**Extracted data entries:**
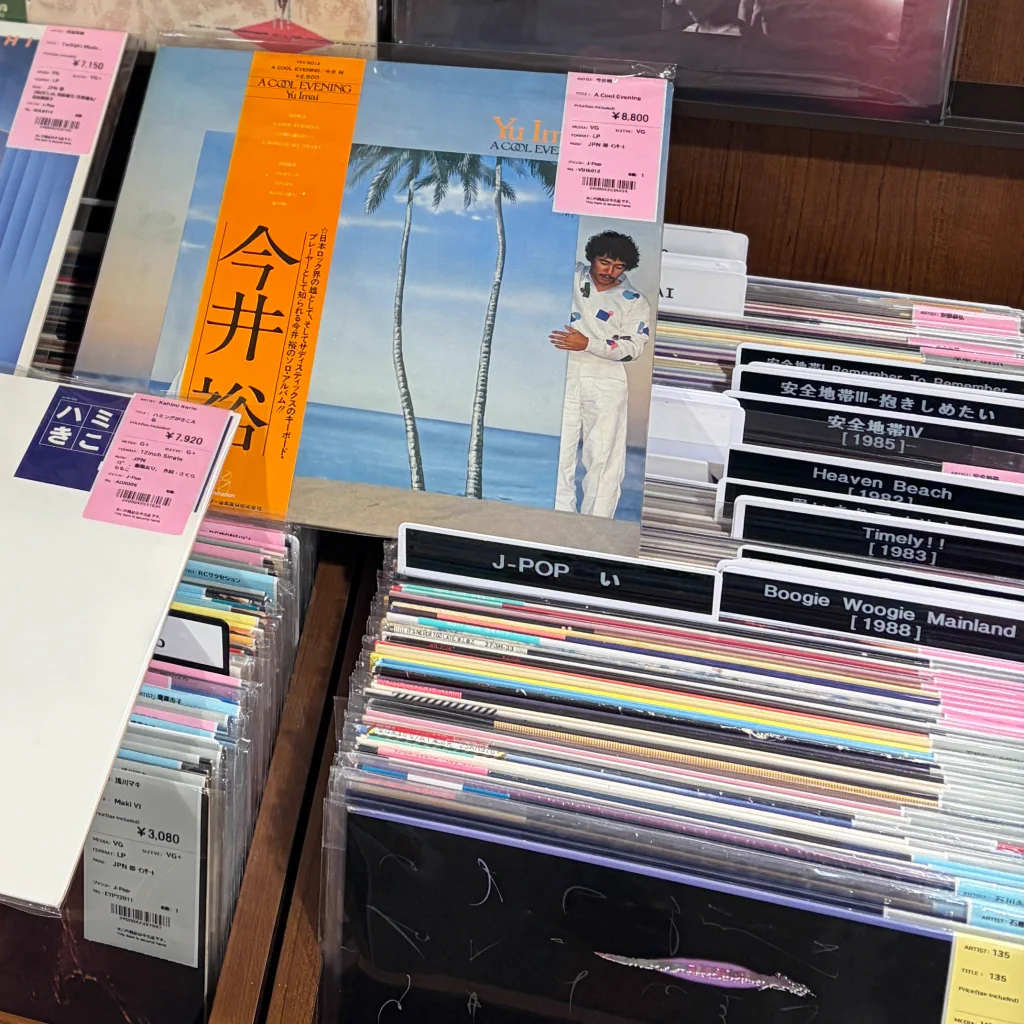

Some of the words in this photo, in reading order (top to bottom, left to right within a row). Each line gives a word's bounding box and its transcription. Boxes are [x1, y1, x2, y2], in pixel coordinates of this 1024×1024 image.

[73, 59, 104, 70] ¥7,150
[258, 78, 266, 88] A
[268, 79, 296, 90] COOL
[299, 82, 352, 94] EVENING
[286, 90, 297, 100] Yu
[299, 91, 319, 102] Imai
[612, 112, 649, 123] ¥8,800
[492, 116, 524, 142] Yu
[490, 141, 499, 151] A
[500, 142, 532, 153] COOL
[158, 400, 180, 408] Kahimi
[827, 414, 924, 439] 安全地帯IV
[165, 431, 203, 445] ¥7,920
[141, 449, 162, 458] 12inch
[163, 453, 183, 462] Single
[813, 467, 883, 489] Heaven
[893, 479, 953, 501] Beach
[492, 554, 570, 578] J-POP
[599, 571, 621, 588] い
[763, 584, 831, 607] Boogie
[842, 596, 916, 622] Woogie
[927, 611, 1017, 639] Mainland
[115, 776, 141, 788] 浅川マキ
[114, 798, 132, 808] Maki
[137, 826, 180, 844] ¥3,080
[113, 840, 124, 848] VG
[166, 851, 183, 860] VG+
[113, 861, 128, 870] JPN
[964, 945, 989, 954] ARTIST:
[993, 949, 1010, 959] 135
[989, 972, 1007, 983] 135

**Your instructions:** Could the entries above be copied out exactly, with no pictures included?

**Answer box:**
Some of the words in this photo, in reading order (top to bottom, left to right within a row). Each line gives a word's bounding box and its transcription. Boxes are [x1, y1, x2, y2], in pixel coordinates of this 1024×1024 image.

[73, 59, 104, 70] ¥7,150
[258, 78, 266, 88] A
[268, 79, 296, 90] COOL
[299, 82, 352, 94] EVENING
[286, 90, 297, 100] Yu
[299, 91, 319, 102] Imai
[612, 112, 649, 123] ¥8,800
[492, 116, 524, 142] Yu
[490, 141, 499, 151] A
[500, 142, 532, 153] COOL
[158, 400, 180, 408] Kahimi
[827, 414, 924, 439] 安全地帯IV
[165, 431, 203, 445] ¥7,920
[141, 449, 162, 458] 12inch
[163, 453, 183, 462] Single
[813, 467, 883, 489] Heaven
[893, 479, 953, 501] Beach
[492, 554, 570, 578] J-POP
[599, 571, 621, 588] い
[763, 584, 831, 607] Boogie
[842, 596, 916, 622] Woogie
[927, 611, 1017, 639] Mainland
[115, 776, 141, 788] 浅川マキ
[114, 798, 132, 808] Maki
[137, 826, 180, 844] ¥3,080
[113, 840, 124, 848] VG
[166, 851, 183, 860] VG+
[113, 861, 128, 870] JPN
[964, 945, 989, 954] ARTIST:
[993, 949, 1010, 959] 135
[989, 972, 1007, 983] 135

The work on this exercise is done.